Il faut aussi dépasser l’argument conjoncturel majeur : les caisses publiques sont vides on ne peut donc rien faire ! Faux. D’abord les caisses ne sont pas vides ; ensuite des budgets publics sont maintenus qui peuvent (partiellement) être redéployés ou mieux utilisés. Des moyens privés sont toujours mobilisables qui n’exigent pas de l’argent, mais du temps, de la disponibilité et de l’intelligence sinon de l’écoute.

Des mises au point s’imposent qui ne coûtent que de la réflexion et commandent pour demain les stratégies à suivre. Je m’explique. Le débat prévisible sur l’accès aux procréations assistées, notamment pour permettre aux gays d’être parents quand l’adoption ne leur apportera pas les enfants escomptés va nous amener à revisiter des réflexions sur la nature de l’être humain. La femme n’est-elle qu’un corps, objet ou acteur sexuel, qui porte un enfant ?  L’enfant peut-il être l’objet d’un contrat même non onéreux ? Objet ou personne, le débat n’est pas théorique (voir blog 50299)

Il nous faut encore ne plus présenter l’enfant comme source de danger et surtout admettre que c’est sur l’affirmation des droits d’une personne- ou d’un groupe- que la société  peut gager ses exigences à son égard. Des droits découlent les devoirs  et non l’inverse

Tout cela pour affirmer qu’une réflexion sur le statut l’enfant s’impose.

Le préalable est déjà de prendre la mesure de l’existant.

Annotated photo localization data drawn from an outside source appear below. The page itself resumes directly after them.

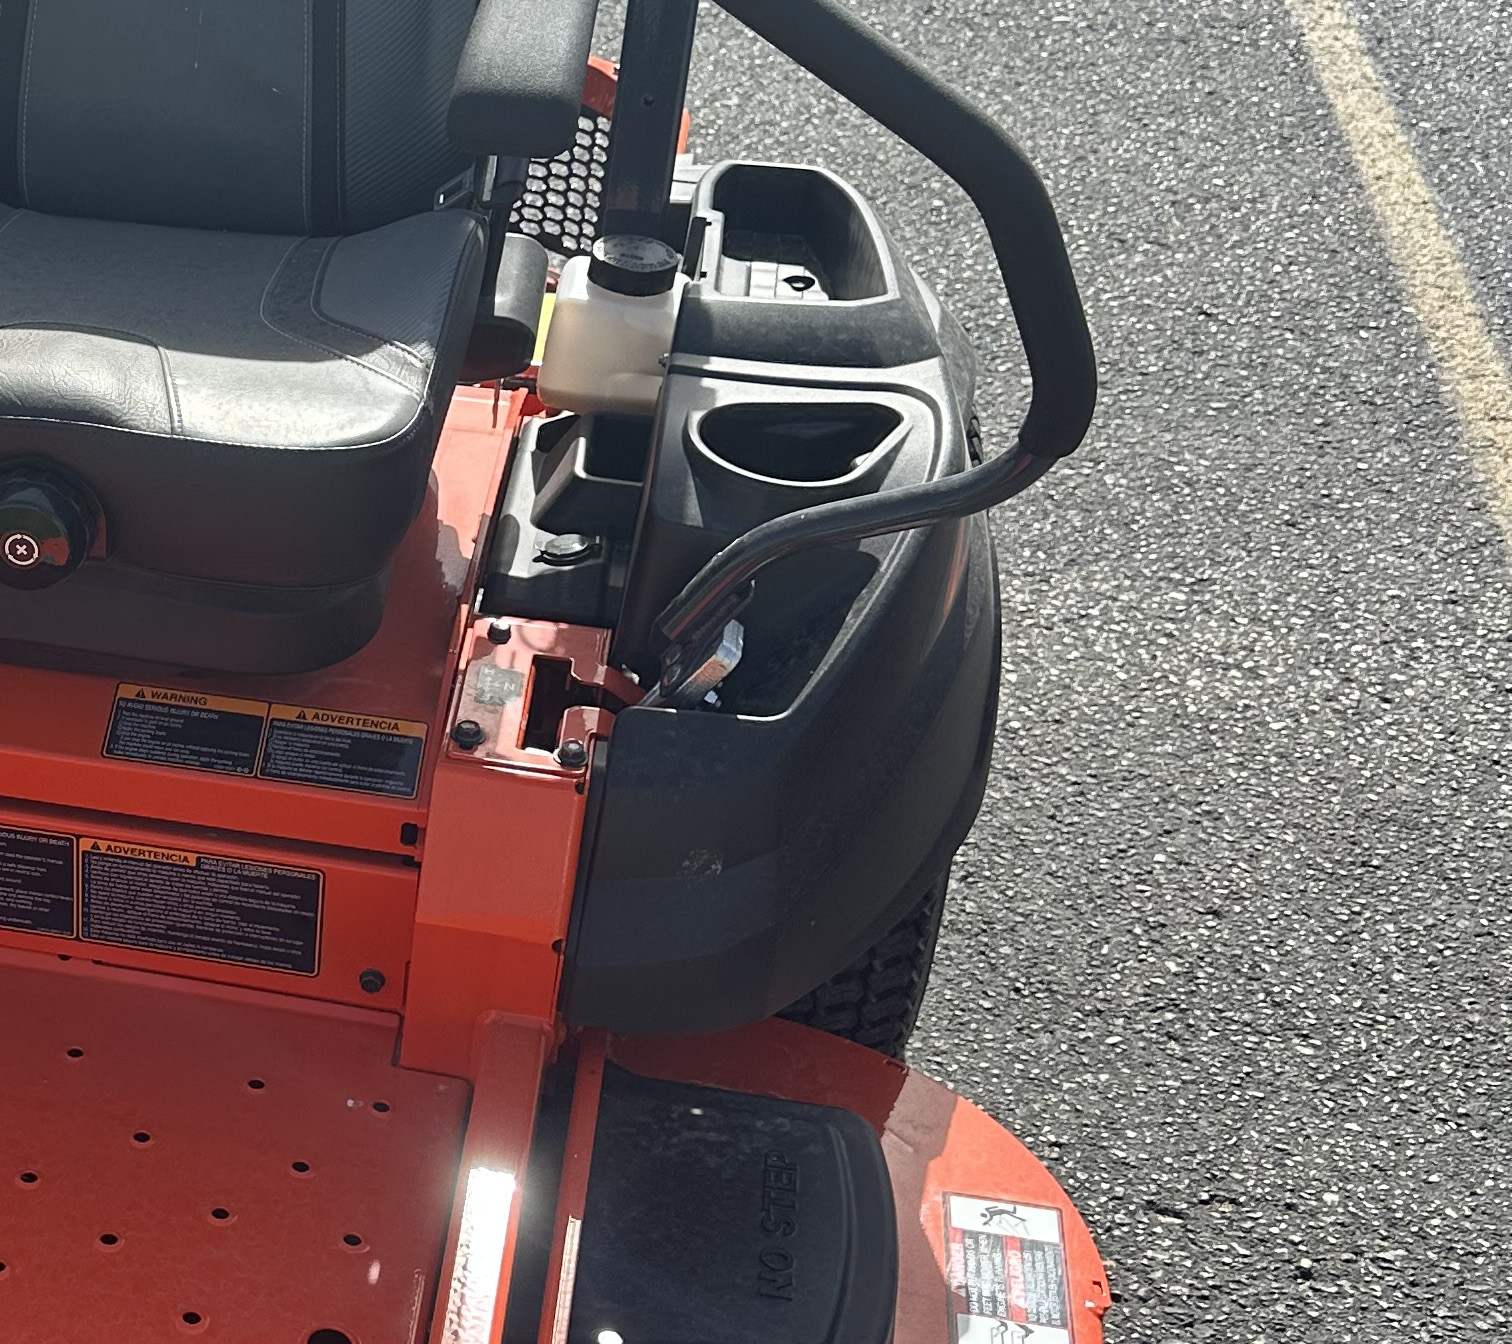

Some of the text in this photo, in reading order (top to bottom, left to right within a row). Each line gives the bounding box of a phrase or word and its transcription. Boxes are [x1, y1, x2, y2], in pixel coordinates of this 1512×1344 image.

[150, 689, 208, 706] WARNING
[311, 711, 400, 732] ADVERTENCIA
[105, 844, 189, 864] ADVERTENCIA
[757, 1149, 799, 1302] NO STEP
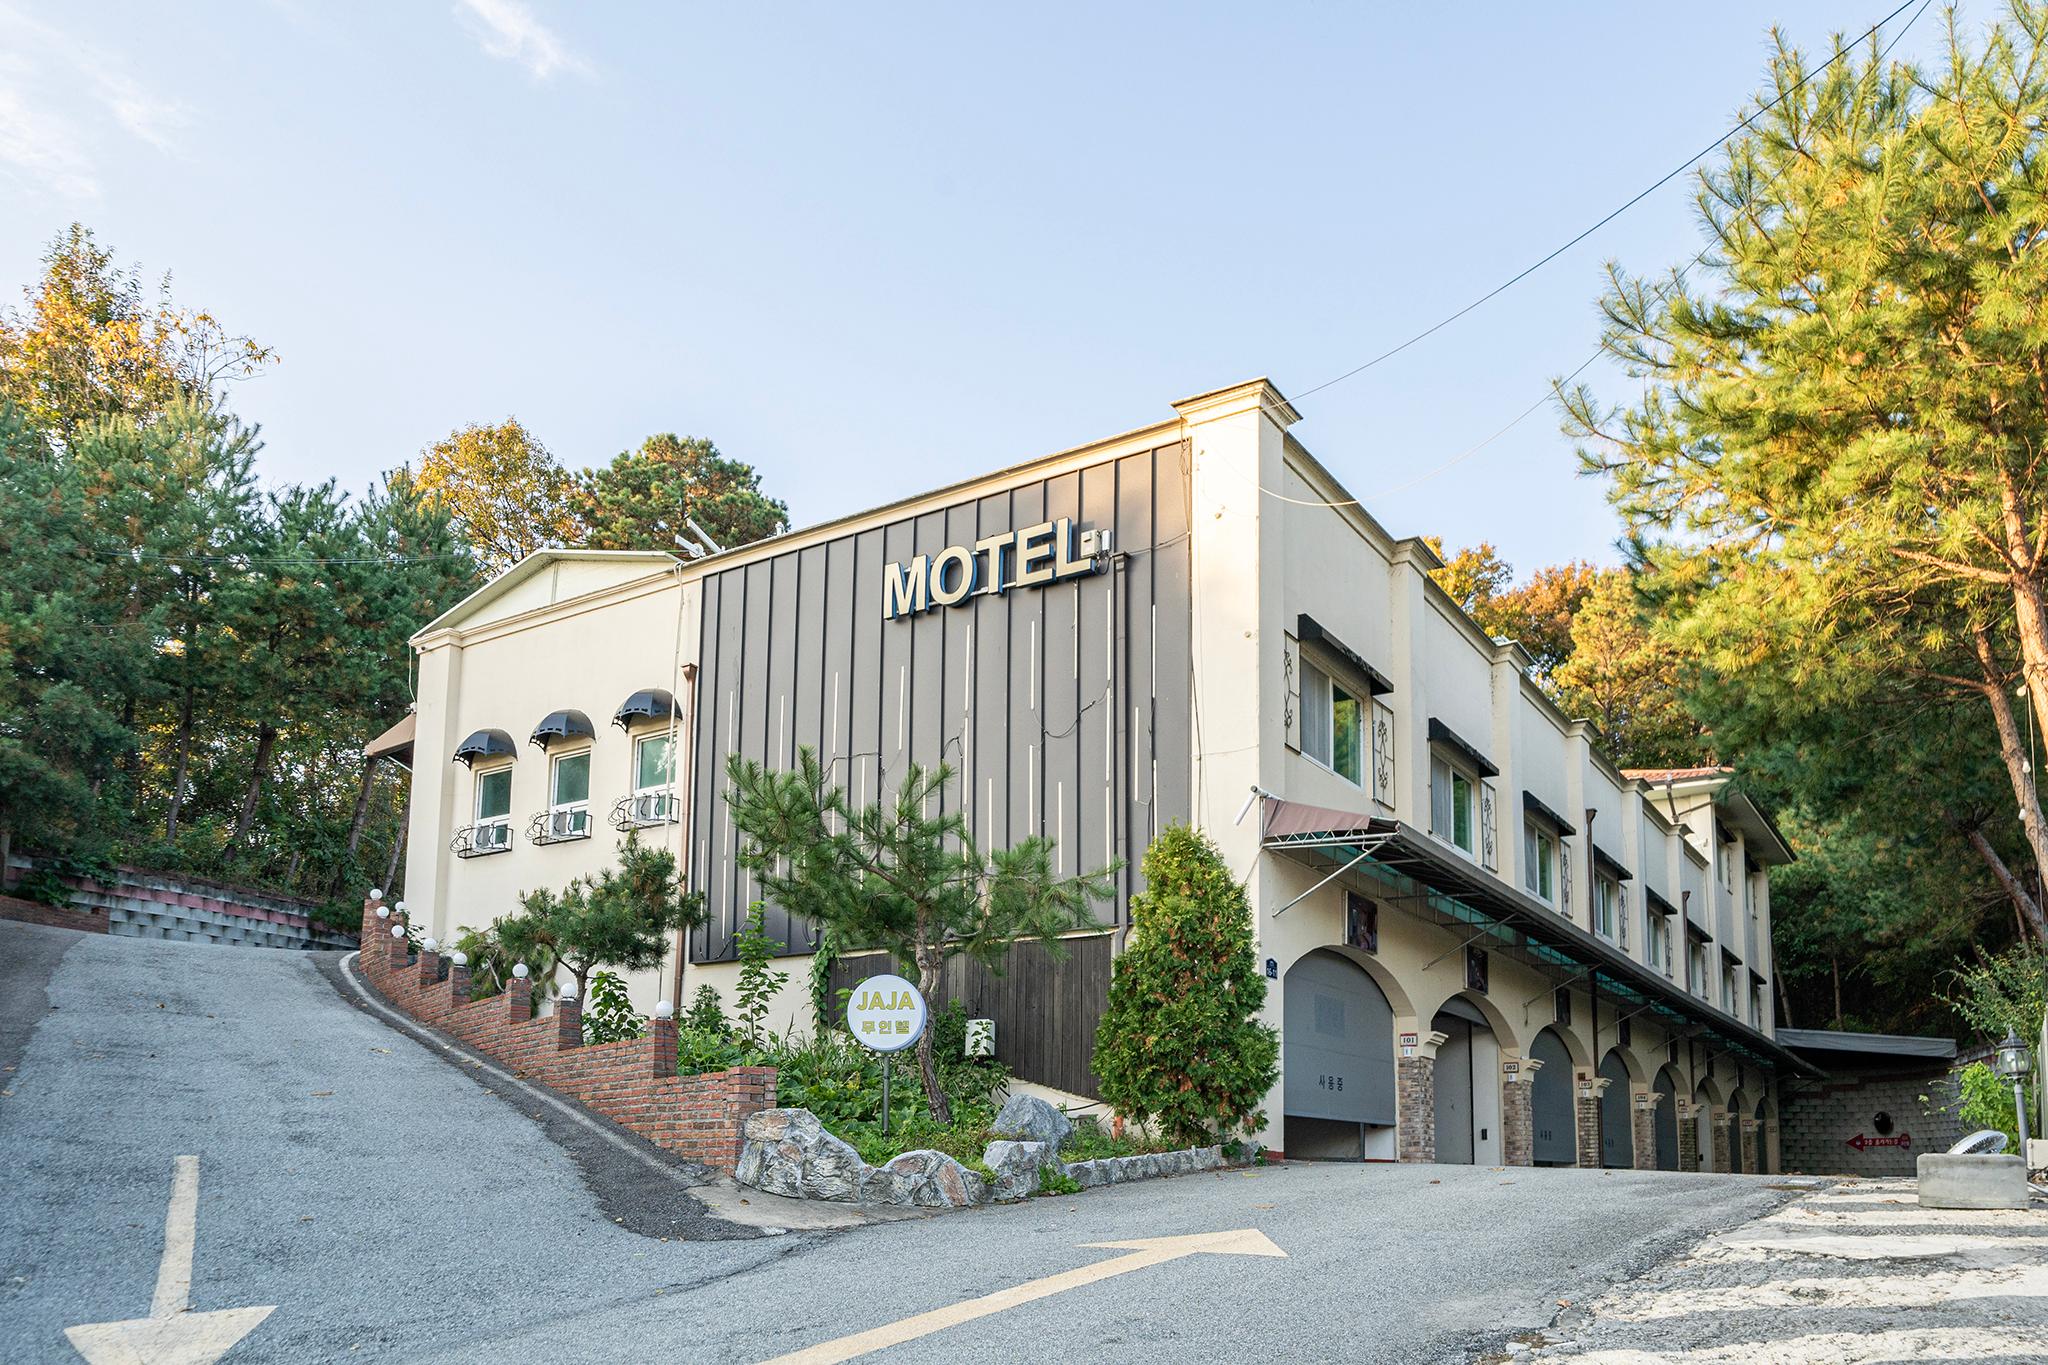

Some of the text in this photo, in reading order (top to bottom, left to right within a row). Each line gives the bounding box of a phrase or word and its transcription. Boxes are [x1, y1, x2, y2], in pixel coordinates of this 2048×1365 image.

[883, 517, 1095, 620] MOTEL
[856, 991, 915, 1011] JAJA
[1402, 1036, 1415, 1044] 101

Les enfants ont déjà des droits – conf. mes blogs précédents dont le 499) : plus qu’on le croit et ils peuvent être acteurs plus souvent qu’on le pense . Comme tout vieux  et riche pays nous avons accumulé les normes de toutes natures(constitution, lois, décrets, etc.) qui en plein et en creux dessinent les droits de l’enfant en France, mais si nul n’est censé ignorer la loi, ce magma est impénétrable.

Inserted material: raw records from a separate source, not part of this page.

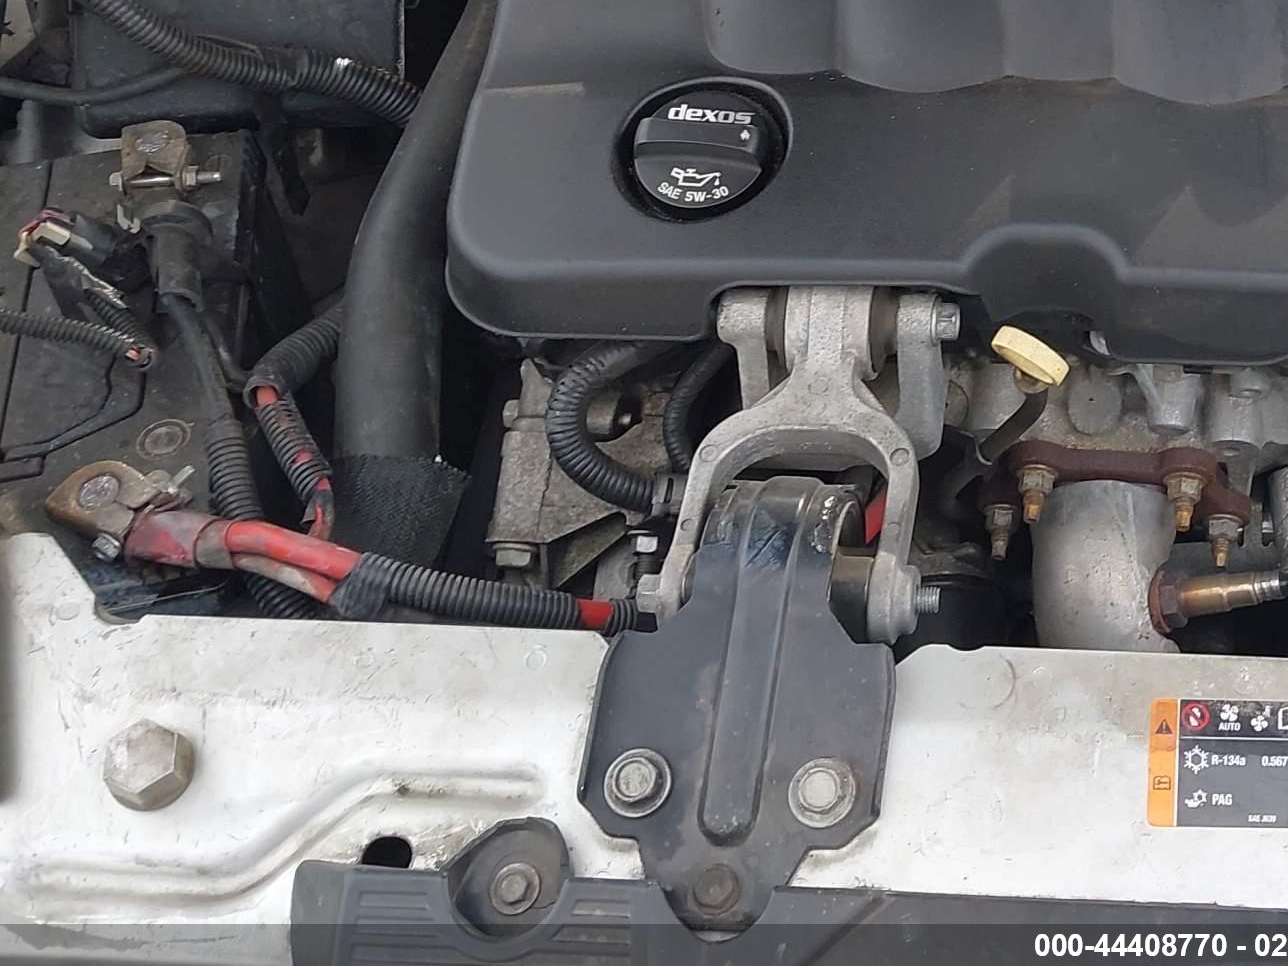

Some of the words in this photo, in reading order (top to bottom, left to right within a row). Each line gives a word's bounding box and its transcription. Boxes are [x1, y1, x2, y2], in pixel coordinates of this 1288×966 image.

[667, 103, 756, 125] dexos
[657, 181, 683, 200] SAE
[684, 185, 730, 203] 5W-30
[1218, 721, 1242, 732] AUTO
[1211, 754, 1247, 767] R-134a
[1261, 755, 1288, 767] 0.567
[1211, 793, 1233, 806] PAG

Nous proposons de longue date de réunir dans un document unique – un code – toutes ces normes. Une société privée a eu le souci d’une compilation, les éditions Dalloz à travers le Code Junior. Il nous faut aller plus loin en harmonisant ces textes. Par exemple il faut mettre en cohérence les différents seuils d’âge quand dans certaines fois on parle du discernement – 7 ou 8 ans -, dans d’autres on a des âges préfixes. Il n’est pas normal que le droit pénal des enfants victimes parle d’enfant de moins de 7 ans, de moins de 15 ans, voire moins de 18 ans ou de personne vulnérable. Plus fondamentalement de cette collecte doit résulter une mise en synergie de ces textes. Par-delà les textes il faut enrichir le tout des jurisprudences civiles, pénales et administratives, des grands principes constitutionnels et des références européennes sinon mondiales qui s’imposent au  droit français. Bref, connaître nous-mêmes la loi pour la populariser et l’améliorer.

Ce travail ne coûte pas de l’argent, mais peut contribuer à faire renaître la dynamique de réflexion qui a disparu.

A défaut de ministre de l’enfance, il appartient  à la ministre de la justice, porteur de la loi, d’en prendre l’initiative.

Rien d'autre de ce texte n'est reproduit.